Once this wave of Covid-19 cases eases and the domestic situation in China normalises, then there is potential for Chinese growth to accelerate and help pull the rest of the world out of an anticipated recession. Consensus projections have q/q real GDP growth in China strengthening from 0.8% in Q1 to 1.2% in Q2 and 1.7% in Q3. This will boost the global growth outlook in and of itself, but Chinese demand should also help support recoveries in other countries as well, notably commodity exporters: finance minister Liu Kun has in January repeated the government’s pledge to step up fiscal spending, including through infrastructure projects.
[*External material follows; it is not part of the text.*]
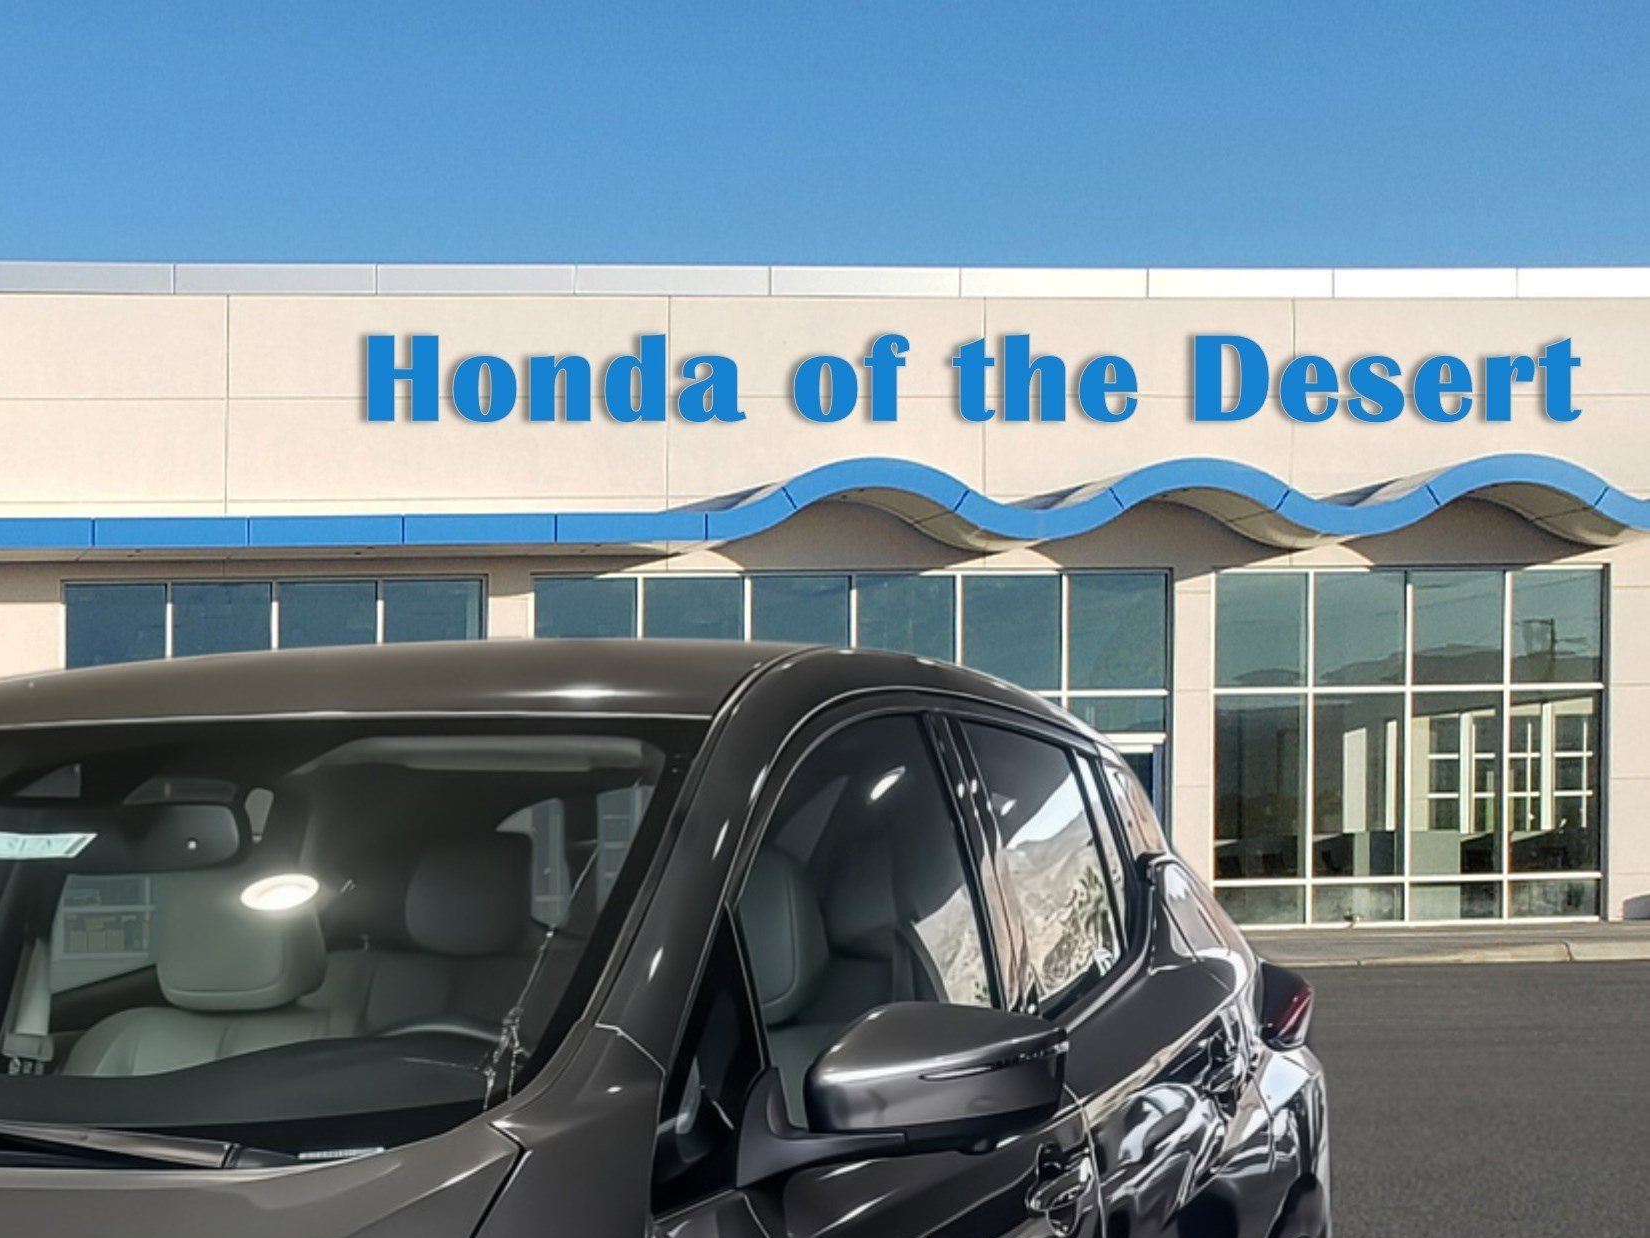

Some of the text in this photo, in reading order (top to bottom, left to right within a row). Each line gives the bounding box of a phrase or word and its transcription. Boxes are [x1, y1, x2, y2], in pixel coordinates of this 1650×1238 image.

[366, 333, 1583, 423] Honda of the Desert
However, it would be imprudent to anticipate that the authorities will unleash stimulus to the scale seen in 2008, when Chinese demand bolstered the recovery from the GFC and led to strong growth in key exporters such as Brazil and Australia. The PBOC reiterated on January 5 that it will implement targeted and ‘forceful’ monetary policy in order to support the economy through the coming months, but the massive infrastructure-led stimulus of 2008 is unlikely to be repeated in a much-changed environment where the authorities are wary of an over leveraged property sector.
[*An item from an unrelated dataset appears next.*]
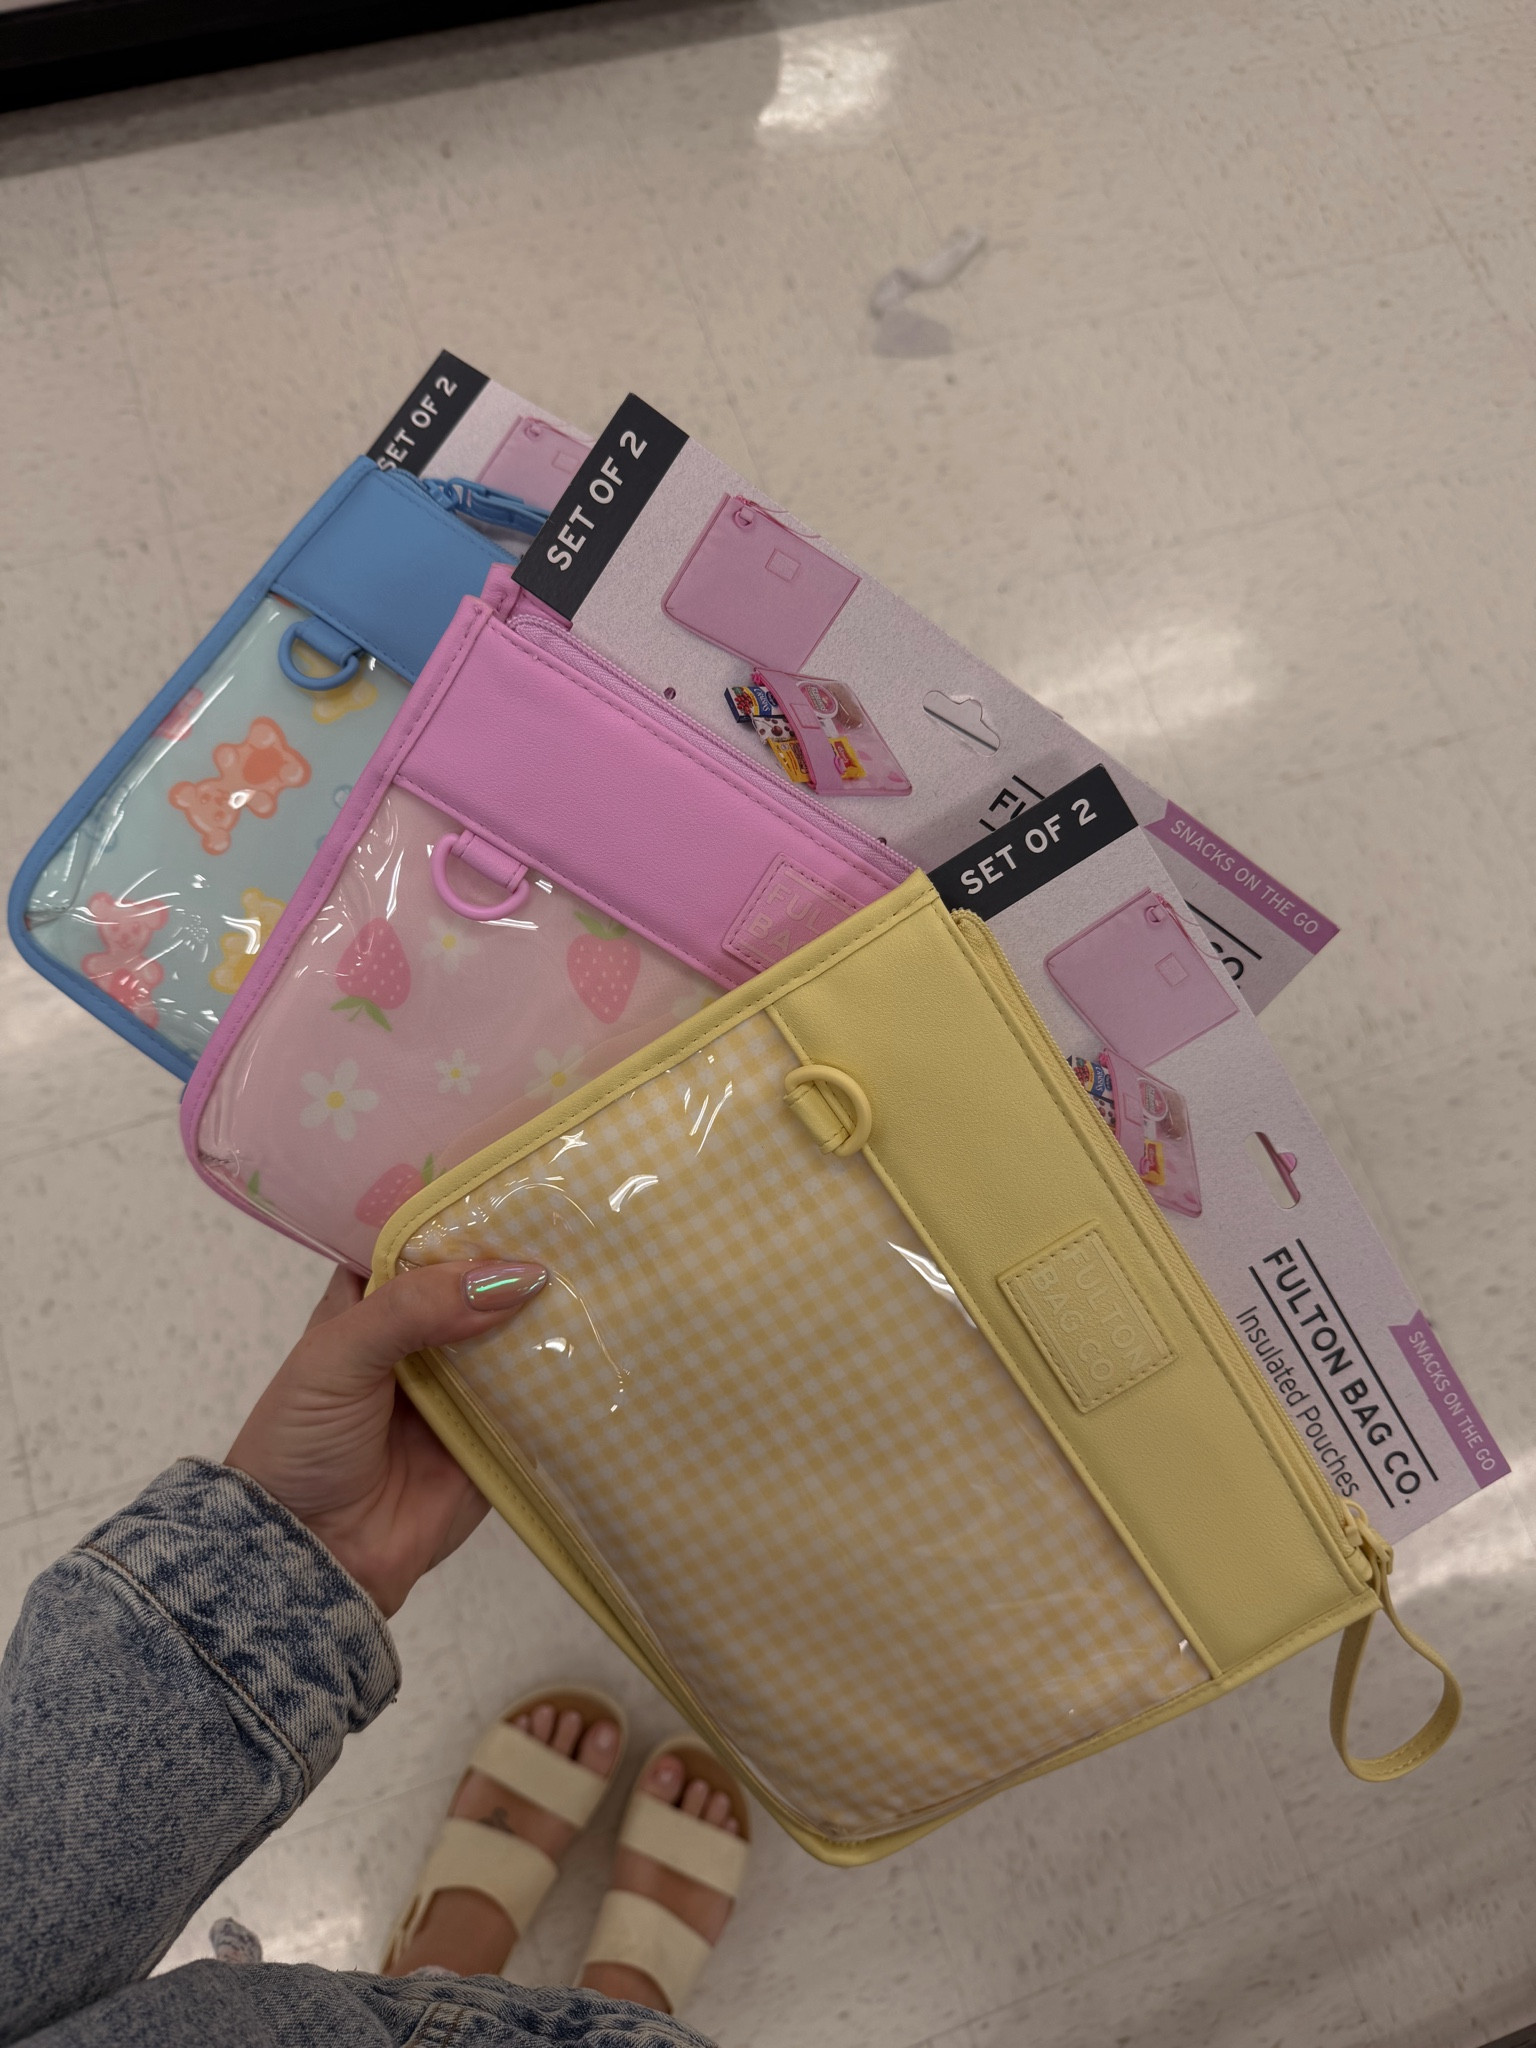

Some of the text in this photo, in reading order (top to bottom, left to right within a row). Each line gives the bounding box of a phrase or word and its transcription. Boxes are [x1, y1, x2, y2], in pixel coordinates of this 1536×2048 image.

Chinese reopening supportive of commodity prices

The Chinese reopening has given a fillip to some commodity prices, and metal prices rose through the close of 2022. However, with the rest of the world facing a downturn, the environment for industrial metals this year is far from sanguine. The other key commodity over which there is a sizeable question mark is to what degree will Chinese demand for oil will offset the recessionary environment in some other key economies. At present, the spread of Covid-19 has dampened any optimism, and oil prices are down around 7% since the start of the year.
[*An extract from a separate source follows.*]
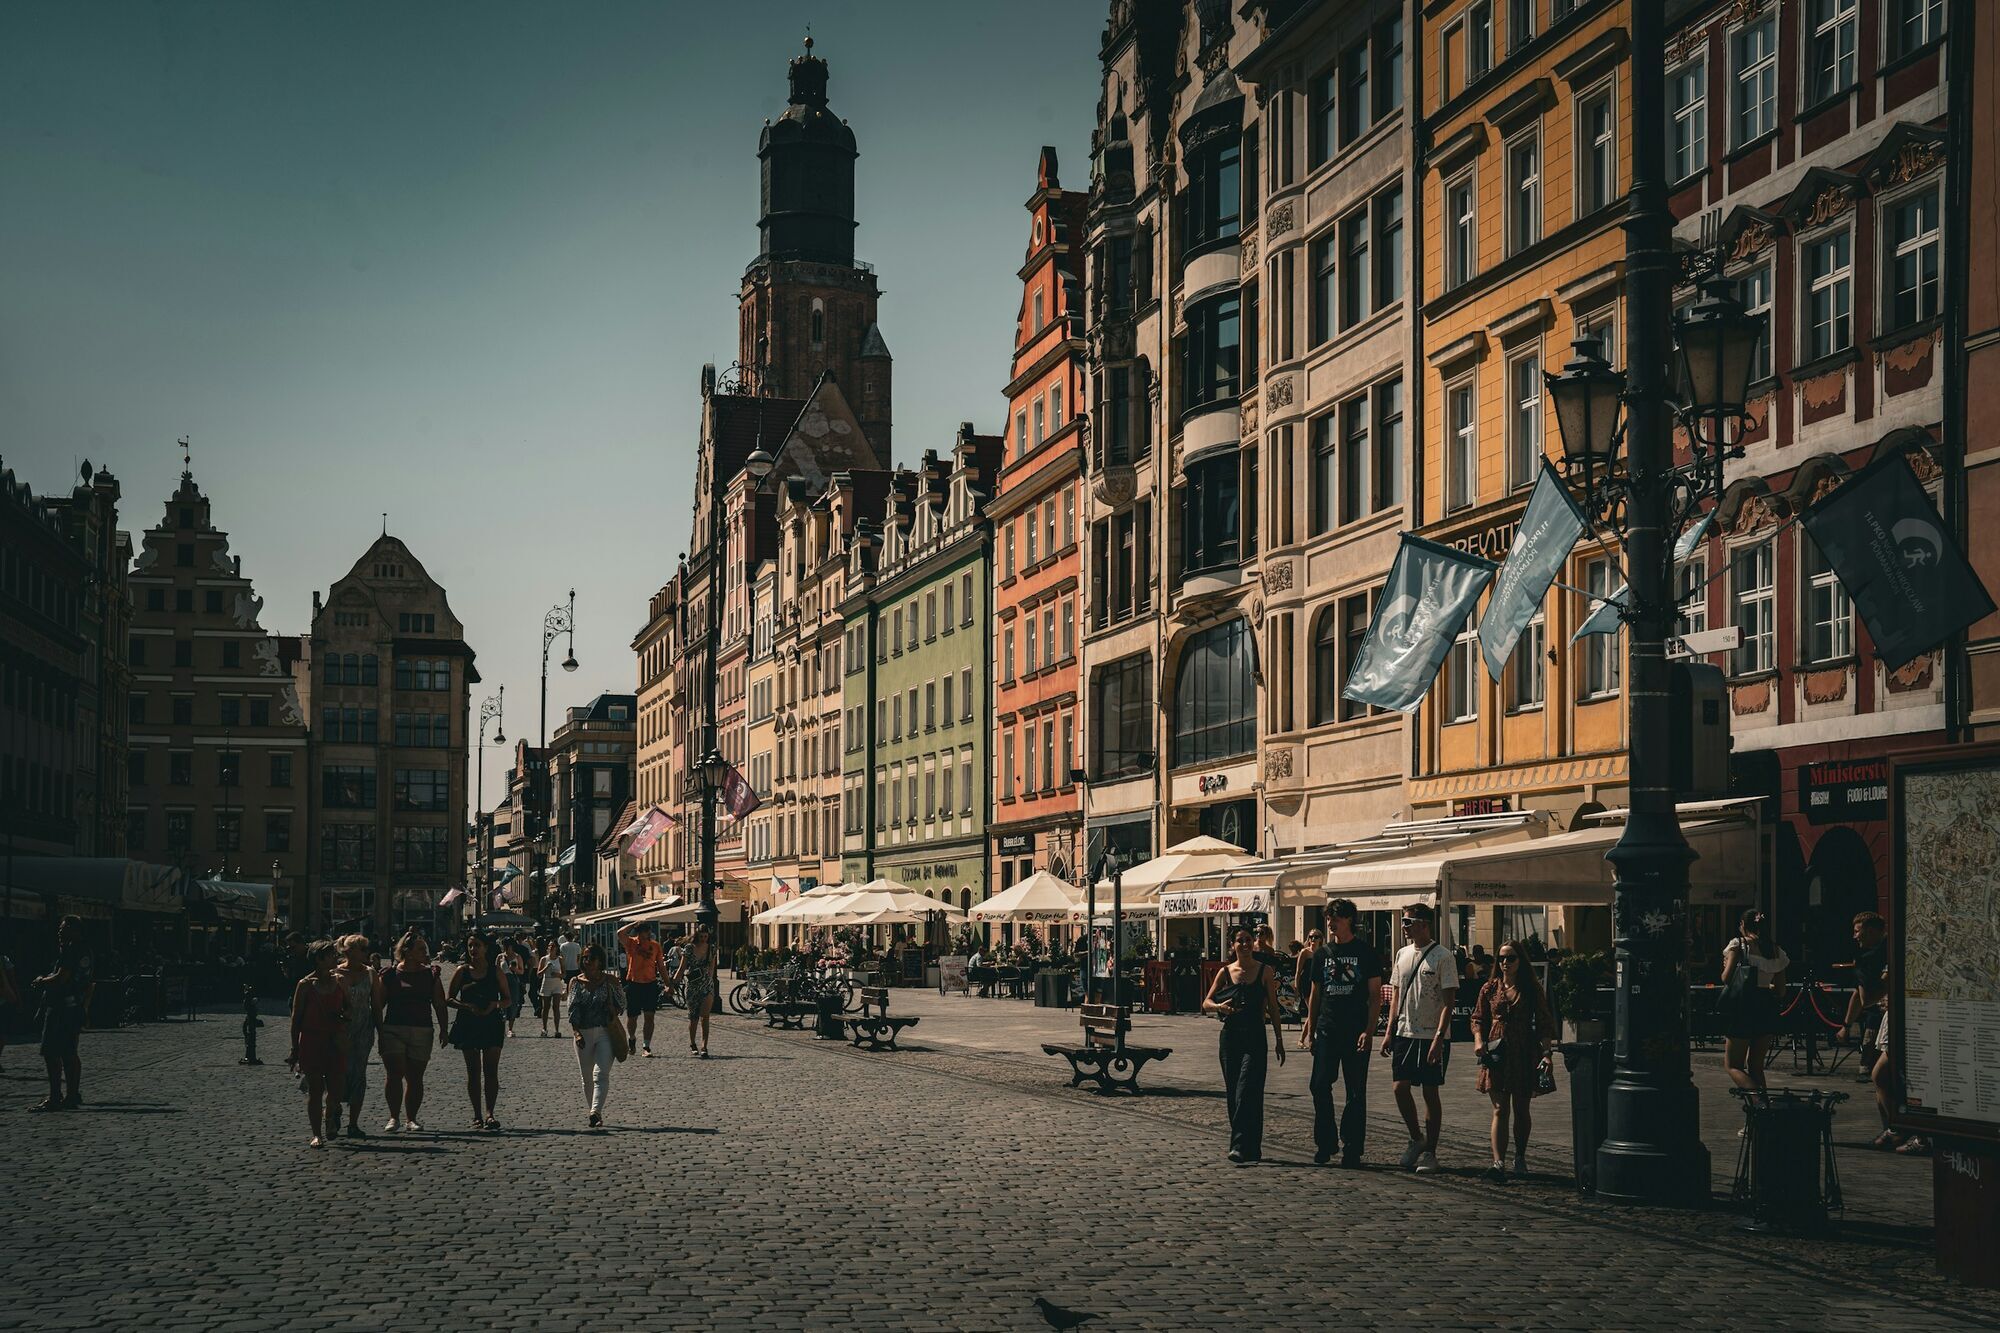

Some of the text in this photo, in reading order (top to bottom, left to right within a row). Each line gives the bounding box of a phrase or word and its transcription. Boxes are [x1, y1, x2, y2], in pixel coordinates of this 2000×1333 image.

Looking ahead, however, Chinese demand returning to near pre-pandemic levels would represent a substantial tightening dynamic in oil markets as growth in supply this year will be limited given OPEC+ production capacity and sanctions on Russia. This informs our forecast for an average Brent futures price of USD 105/b compared with USD 99/b in 2022. GCC economies will be key beneficiaries of a recovery in Chinese oil demand, both through direct exports to China but also through the persistent higher oil price environment which will continue to buttress fiscal surpluses. For oil importers the effect will be less positive as while oil-driven inflation will not be to the same degree as seen in 2022, nor will it turn deflationary either.

Brent futures, USD/b

Source: Bloomberg, Emirates NBD Research

The rise in China’s oil demand will be driven by travel both domestically and eventually international also. Google mobility data is not available for China, but the easing of restrictions is set to unleash substantial pent-up demand for travel in the coming months, kicking off with the upcoming lunar new year holidays. Chinese travel agency Qunar has reported a surge in online searches and bookings, and while some countries have been imposing restrictions on Chinese travelers over Covid-19 concerns, once the situation normalises it will provide a boost to global tourism centres, not least Dubai. The full recovery of the emirate’s tourism sector has been held back to now by the restrictions on Chinese travel – Chinese tourists used to be one of the top five source markets for visitors to Dubai – but with these now easing, numbers could return to pre-pandemic levels in 2023, notwithstanding the economic pressures on other key source markets.